Stripe shows how the most valuable insights come from observing what people struggle with, not just what they say they want.
Resilience isn't about bouncing back—it's about learning, adapting, and emerging stronger. Companies with corporate growth mindsets view setbacks as data, not failures.
Microsoft's transformation under Satya Nadella perfectly exemplifies resilience building. When Nadella became CEO in 2014, Microsoft was struggling with mobile computing and cloud transitions. Rather than defending legacy businesses, he embraced a growth mindset culture that viewed challenges as learning opportunities.
The company shifted from proprietary to open-source technologies, from competing to collaborating, from know-it-all to learn-it-all mentality. This resilience-building approach enabled Microsoft to become a trillion-dollar company and dominate cloud computing through Azure.
Resilient organizations don't just survive disruption—they use it as fuel for transformation.
Enduring organizations recognize that static knowledge leads to stagnation. Instead, they design for knowledge flow—intentionally shaping how insights, expertise, and feedback circulate internally and externally.
Toyota exemplifies evolution enablement through their systematic kaizen approach to continuous improvement. Every employee—from executives to assembly workers—participates in knowledge flow, generating thousands of implemented suggestions annually.
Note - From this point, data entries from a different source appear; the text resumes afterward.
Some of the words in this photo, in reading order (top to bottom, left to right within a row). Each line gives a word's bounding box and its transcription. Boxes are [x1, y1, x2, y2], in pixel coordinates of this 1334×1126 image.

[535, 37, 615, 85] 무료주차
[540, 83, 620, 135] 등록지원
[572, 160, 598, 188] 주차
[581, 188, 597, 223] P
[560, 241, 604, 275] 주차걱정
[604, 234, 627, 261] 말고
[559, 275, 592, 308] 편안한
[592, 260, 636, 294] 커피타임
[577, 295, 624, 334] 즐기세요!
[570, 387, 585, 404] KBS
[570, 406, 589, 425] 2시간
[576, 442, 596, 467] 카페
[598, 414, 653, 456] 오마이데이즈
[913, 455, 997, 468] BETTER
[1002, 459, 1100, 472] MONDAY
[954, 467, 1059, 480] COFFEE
This isn't just suggestion boxes; it's systematic optimization of how insights move through the organization. When supply chain disruptions hit, Toyota's knowledge flow systems enabled rapid adaptation while maintaining quality leadership. Their Production System demonstrates how effective knowledge circulation creates antifragile organizations that strengthen under stress.
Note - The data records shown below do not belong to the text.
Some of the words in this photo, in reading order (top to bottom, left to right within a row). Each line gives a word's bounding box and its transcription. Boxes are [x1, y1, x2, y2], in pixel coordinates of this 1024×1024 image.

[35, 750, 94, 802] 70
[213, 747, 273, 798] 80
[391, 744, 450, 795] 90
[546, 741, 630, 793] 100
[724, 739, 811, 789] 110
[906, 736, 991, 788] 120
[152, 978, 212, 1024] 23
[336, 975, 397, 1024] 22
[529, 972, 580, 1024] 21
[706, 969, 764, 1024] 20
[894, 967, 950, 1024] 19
Toyota shows that evolution enablement isn't about collecting knowledge—it's about designing systems where insights flow, combine, and create continuous organizational learning.
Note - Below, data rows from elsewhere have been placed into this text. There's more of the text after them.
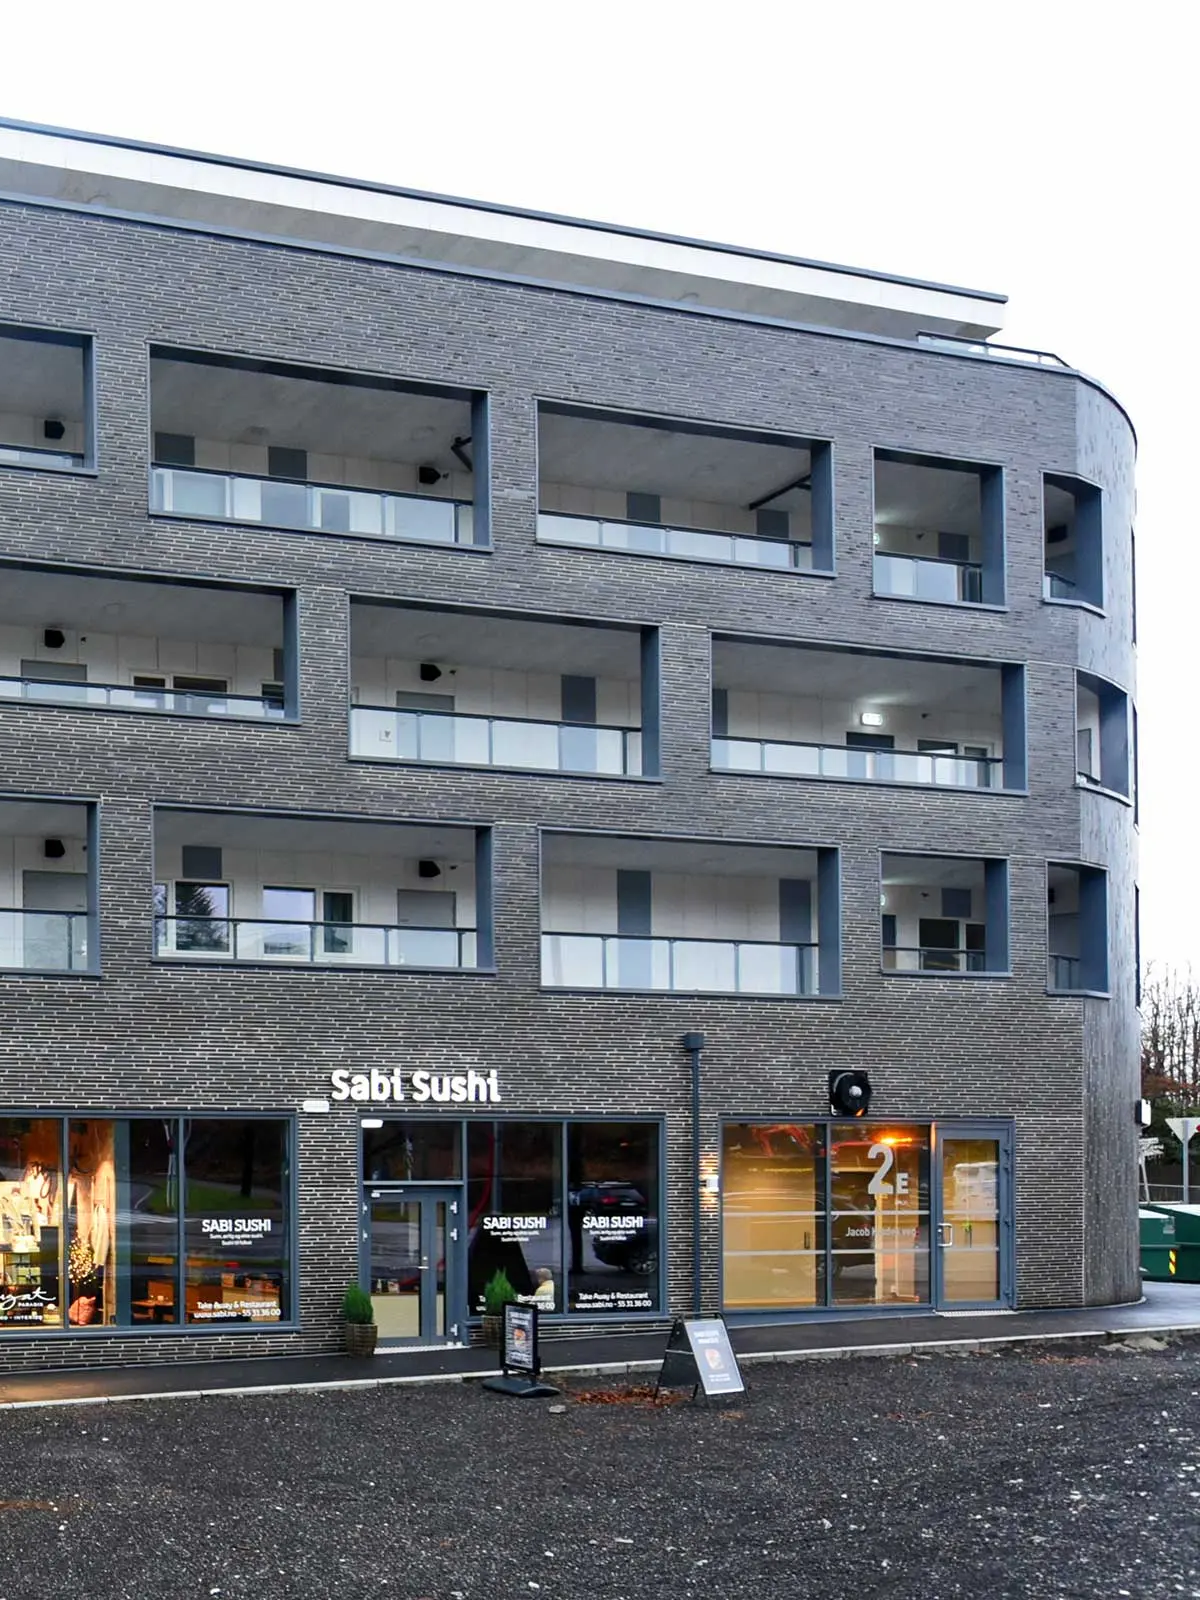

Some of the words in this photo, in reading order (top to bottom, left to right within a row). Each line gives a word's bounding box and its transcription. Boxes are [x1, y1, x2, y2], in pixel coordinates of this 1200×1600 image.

[331, 1068, 404, 1101] Sabi
[412, 1070, 501, 1102] Sushi
[202, 1219, 233, 1232] SABI
[234, 1219, 271, 1232] SUSHI
[483, 1216, 511, 1229] SABI
[512, 1216, 547, 1229] SUSHI
[582, 1216, 609, 1228] SABI
[610, 1216, 644, 1228] SUSHI
[846, 1227, 870, 1237] Jacob
[593, 1292, 610, 1301] Away
[197, 1301, 212, 1309] Take
[213, 1301, 233, 1310] Away
[233, 1301, 239, 1309] &
[240, 1300, 277, 1308] Restaurant
[270, 1308, 281, 1316] 00
Here's what I've learned: these six dimensions work in concert. Environmental scanning without experimentation leads to analysis paralysis. Network orchestration without unmet needs insights creates elaborate solutions to non-problems. Resilience without elasticity becomes mere stubbornness.
The companies that truly endure master all six dimensions, using them as a comprehensive approach to strategic thinking rather than a checklist to complete. The challenge, as always, is that the right answer for each dimension requires deep understanding of the tools, techniques, and methods that match your specific context—not blindly copying some "best practice" from the latest business book. Experience, humility, and trusting your own "slow hunch" pay dividends here.
If you're building a company or leading transformation, consider these questions:
Environmental Exploration: Who in your organization acts as sentries for change? How do you systematically monitor shifts in technology, regulation, and customer behavior?
Network Orchestration: What diverse networks are you tapping into? How do you create "liquid networks" where ideas can collide and combine?
Disruptive Experimentation: Are you systematically challenging your assumptions? What impossible things are you experimenting with? And are you experimenting to learn or prove you're right? The latter seldom works.
Unmet Needs Insight: Are you observing what customers struggle with, not just what they say they want? And have your customers become resigned to accepting a situation because no one has ever questioned it?
Resilience: Does your culture view setbacks as learning opportunities? How do you institutionalize growth mindset?
Elasticity: How does knowledge flow through your organization? Are you optimizing for learning or hoarding?
After 30+ years in innovation, I'm convinced that enduring advantage doesn't come from moving faster—it comes from moving more strategically across all these dimensions, trusting your intuition and being willing to test and learn.
What dimension of ENDURE is strongest in your organization? Which needs the most attention?